As a poet and court-adjacent figure in late Stuart/early Hanoverian England, Prior knew how conversation could be a currency. The coffeehouse and salon cultures of the period rewarded quickness, opinion, and public presence; verbosity could masquerade as authority. In that world, talking “most” isn’t merely annoying, it’s strategic: occupy airtime, control the frame, look indispensable. Prior punctures that strategy with a clean inversion. The more someone insists on being heard, the more you should suspect there’s little there.

The subtext is also self-protective, even slightly elitist. It flatters the reader into identifying with the understated few, those whose restraint signals intelligence and breeding. Prior is policing taste: good sense doesn’t need to advertise. That’s why the sentence lands with such bite. It gives you a tool for social reading - a way to reclassify the loud as insecure, the quiet as capable - and it does so in eight words sharp enough to survive three centuries of meetings, pundit panels, and comment sections.

Quote Details

TopicWitty One-Liners
Source
Verified source: ALMA: OR, THE PROGRESS OF THE MIND (Matthew Prior, 1718)
Text match: 97.78%   Provider: Cross-Reference
Evidence:
And 'tis remarkable, that They Talk most, who have the least to say. (Page 352, lines 345-346).
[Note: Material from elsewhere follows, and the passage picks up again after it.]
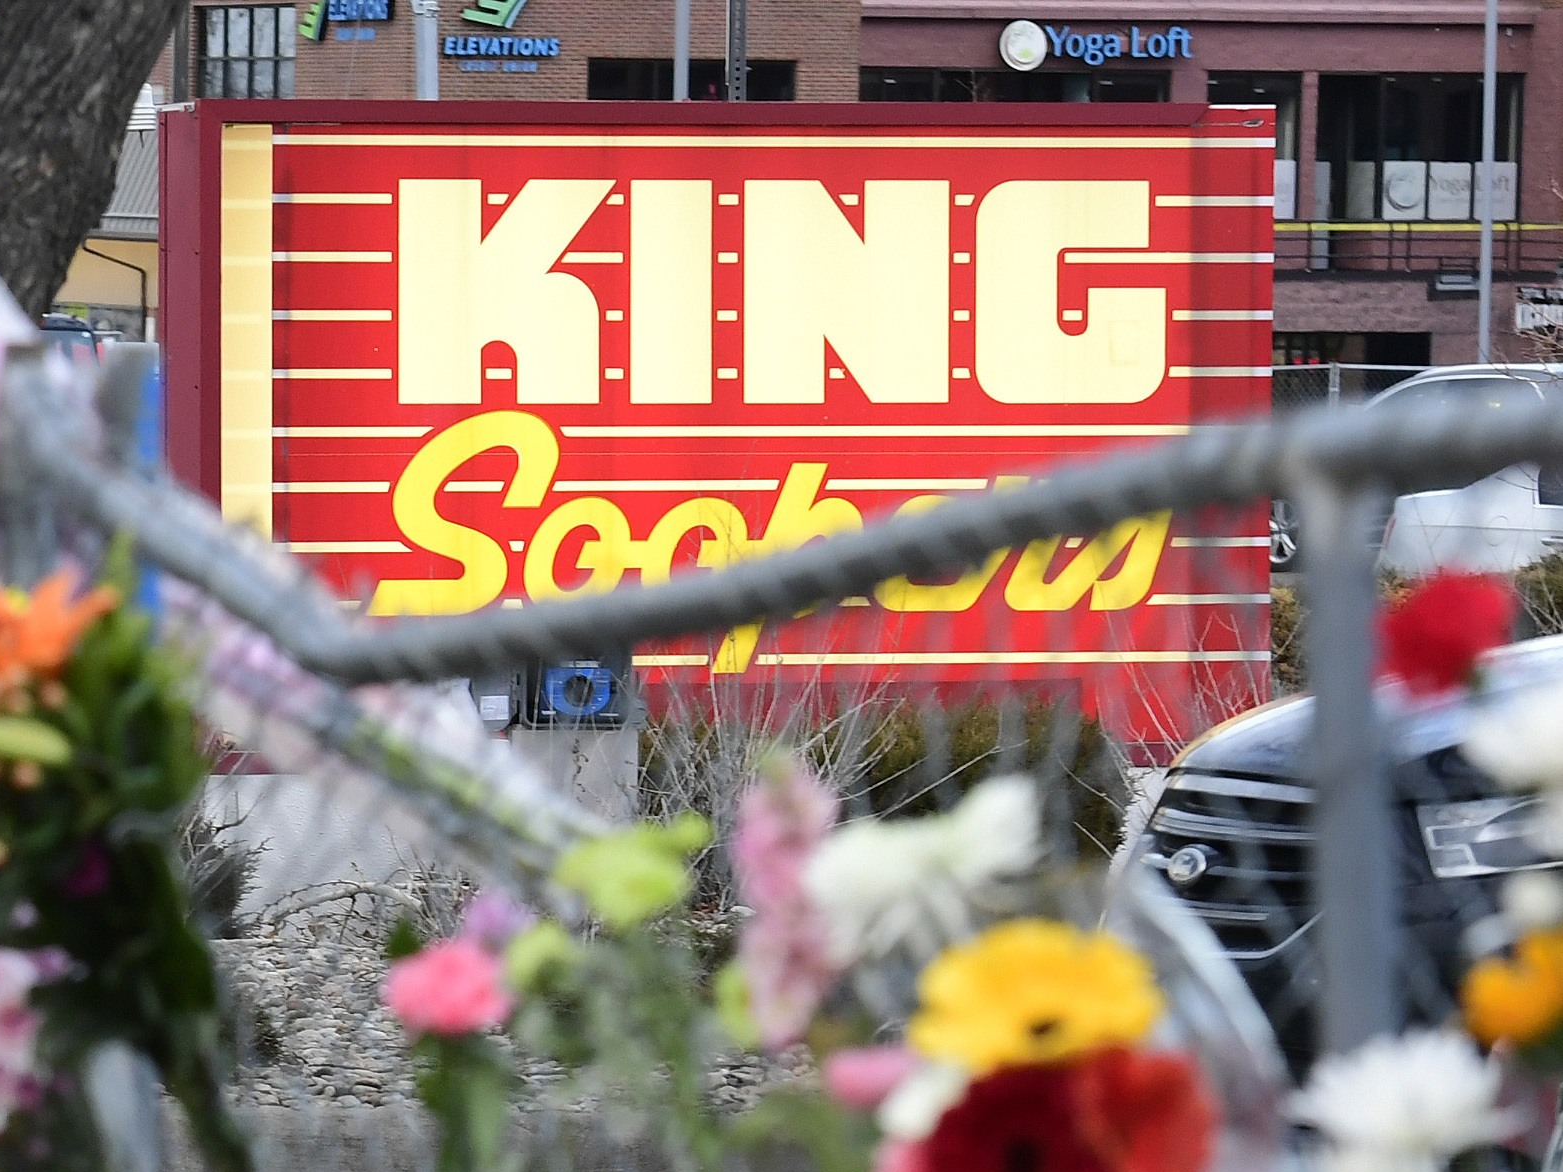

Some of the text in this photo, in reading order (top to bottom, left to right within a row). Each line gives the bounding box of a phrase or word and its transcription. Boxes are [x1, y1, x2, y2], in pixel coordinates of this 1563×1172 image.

Verified in Matthew Prior's own poem "ALMA: OR, THE PROGRESS OF THE MIND. In Three Cantos." The wording commonly quoted today drops the opening "And 'tis remarkable, that" and modernizes capitalization/punctuation. The consulted primary text is an edited transcription from the 1718 source edition, identified there as appearing in Prior's "Poems on Several Occasions" (London, MDCCXVIII/1718), pp. 381-352 in the source volume; the quote itself appears on page 352 of the poem display at lines 345-346. I found no earlier primary-source publication in the materials searched, so 1718 is the earliest verified publication I can confirm from a primary-source edition.
Other candidates (1)
The Poetical Works of Matthew Prior (Matthew Prior, 1875) compilation95.0%
With a Life by Rev. John Mitford Matthew Prior. She still renews the ancient scene , Forgets the forty years ... they...
Cite

Citation Formats

APA Style (7th ed.)
Prior, Matthew. (2026, March 10). They talk most who have the least to say. FixQuotes. https://fixquotes.com/quotes/they-talk-most-who-have-the-least-to-say-147224/

Chicago Style
Prior, Matthew. "They talk most who have the least to say." FixQuotes. March 10, 2026. https://fixquotes.com/quotes/they-talk-most-who-have-the-least-to-say-147224/.

MLA Style (9th ed.)
"They talk most who have the least to say." FixQuotes, 10 Mar. 2026, https://fixquotes.com/quotes/they-talk-most-who-have-the-least-to-say-147224/. Accessed 27 Mar. 2026.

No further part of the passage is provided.